Wie so viele andere TATORT-Ermittler habe Batu aber kaum Privatleben. Das stehe bei einem verdeckten Ermittler nicht so sehr im Fokus, sagte TATORT-Redakteurin Heinze. Wenn überhaupt habe er nur ein "sehr reduziertes" Privatleben und diesen Ermittler so zu erzählen, sei "reizvoll". Autor Thorsten Wettcke sagte, man könne in einer Folge nicht gleich alles Privates erzählen. Es werde sich in den weiteren TATORT-Folgen zeigen, was aus der Geschichte mit seiner Nachbarin oder seinem Vater werde.
Batu mit einer Immobilienmaklerin, die sich über deutsche Steuerbestimmungen lustig macht. Bild: NDR/Georges Pauly

Batu ist kein James Bond

Für die Redaktion war es wichtig darzustellen, dass Batu sich als Beamter selbstverständlich an Recht und Gesetz zu halten hat. So gebe es eine klare Leitlinie, was er als VE darf und was er nicht dürfe - dies helfe auch den Autoren. Redakteur Eric Fiedler erklärte, dass man bei aller Fiktionalität schließlich der Realität nahekommen wolle. Heinze stellte klar, dass es auch Dinge gebe, die ein Ermittler nicht dürfe, er sei schließlich kein James Bond. Umso erstaunlicher ist es deshalb, dass einige Medien - beispielsweise Die Welt - den neuen Ermittler gleich als "James Bond von der Elbe" bezeichneten.

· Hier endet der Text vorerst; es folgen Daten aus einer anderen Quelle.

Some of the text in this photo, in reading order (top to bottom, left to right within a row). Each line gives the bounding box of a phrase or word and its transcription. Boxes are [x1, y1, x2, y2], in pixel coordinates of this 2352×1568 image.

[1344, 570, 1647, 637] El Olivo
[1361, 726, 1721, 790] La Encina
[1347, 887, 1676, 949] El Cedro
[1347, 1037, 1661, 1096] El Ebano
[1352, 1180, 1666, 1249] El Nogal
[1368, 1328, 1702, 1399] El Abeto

Alleinstellungsmerkmal für NDR-TATORT

Mit dem neuen Konzept schafft der Norddeutsche Rundfunk einen Ermittler, den es so in der ARD - aber auch sonst in der deutschen Fernsehkrimilandschaft - noch nicht gab und gibt. Verdeckte Ermittler gibt es im TATORT derzeit nicht; höchstens der ebenfalls kürzlich eingeführte Kommissar Lannert war ein sogenannter "VE" (übrigens auch in Hamburg). Auch mit der Herkunft des Kommissars schafft der NDR sein Alleinstellungsmerkmal an der Gemeinschaftsproduktion TATORT: denn türkischstämmige Ermittler gab es bisher keine, wenn auch etliche mit Migrationshintergrund. Besonders wichtig war dem Sender, die Herkunft nicht überzubetonen. Wichtiger war den Machern, so das Drehbuch-Head-Team Christoph Silber und Thorsten Wettcke, dass sich der Kommissar primär durch die Brisanz seiner Arbeit und seine Wandlungsfähigkeit definiere.

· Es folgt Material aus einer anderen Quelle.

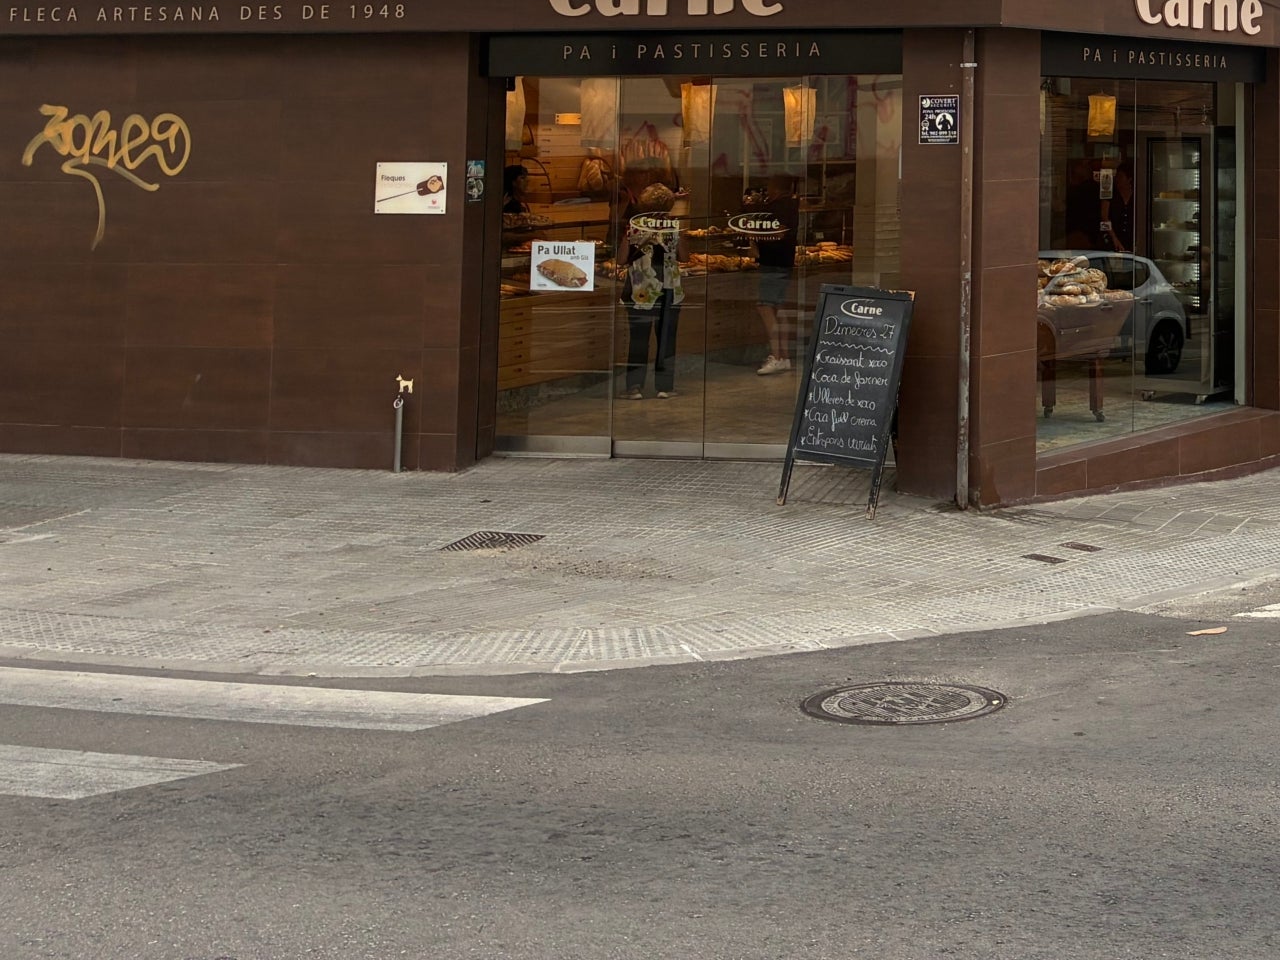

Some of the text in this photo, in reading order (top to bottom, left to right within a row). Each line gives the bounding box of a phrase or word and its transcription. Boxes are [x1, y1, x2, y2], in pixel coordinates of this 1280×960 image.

[9, 4, 406, 22] FLECA ARTESANA DES DE 1948
[562, 45, 591, 60] PA
[637, 42, 821, 59] PASTISSERIA
[1083, 48, 1102, 62] PA
[1128, 50, 1228, 69] PASTISSERIA
[640, 216, 680, 228] Carné
[738, 218, 781, 229] Carné
[537, 245, 576, 255] Pa Ullat
[824, 316, 896, 339] Dimecres 27
[840, 369, 851, 385] de

Kleiner Strandspaziergang an der Elbe. Bild: NDR/Georges Pauly
Das reduzierte Privatleben Cenk Batus setzt sich wohltuend ab von vielen Kollegen am TATORT, die in der Vergangenheit immer stärker privat in die Fälle involviert waren. Was im Fall Batu aber nicht heißt, dass er nicht präsent wäre - das Gegenteil scheint der Fall. Im Erstling Auf der Sonnenseite spielt Batu - bis auf eine Ausnahme - in jeder Szene des Films mit und erzeugt so eine sehr große Präsenz.

Viel von Hamburg zu sehen

Einen schönen Nebeneffekt hat diese TATORT-Konzeption auch für Liebhaber des Lokalkolorits, einem oft vergessenen Ur-Bestandteil des TATORT-Konzepts von 1970. Bedingt durch die Tatsache, dass Batu und sein Chef sich immer an unterschiedlichen Orten und eben nicht im Polizeipräsidium oder - wie Batu in der ersten Folge sagt - "aufm Revier" treffen können, sieht der Zuschauer so auch viel von der schönen Hansestadt, mehr als in den letzten Jahren des Hamburger TATORTs mit den Kollegen Casstorff oder Stoever. In Auf der Sonnenseite bewegen sich die Ermittler so mehrfach am Hafen, in Mundsburg, in Wilhelmsburg, in Ottensen an der Elbe, sie benutzen die U-Bahnlinie 3 (Richtung Barmbek), treffen sich im Aquarium bei Hagenbecks oder beschatten eine Zielperson in der Europapassage nahe Jungfernstieg.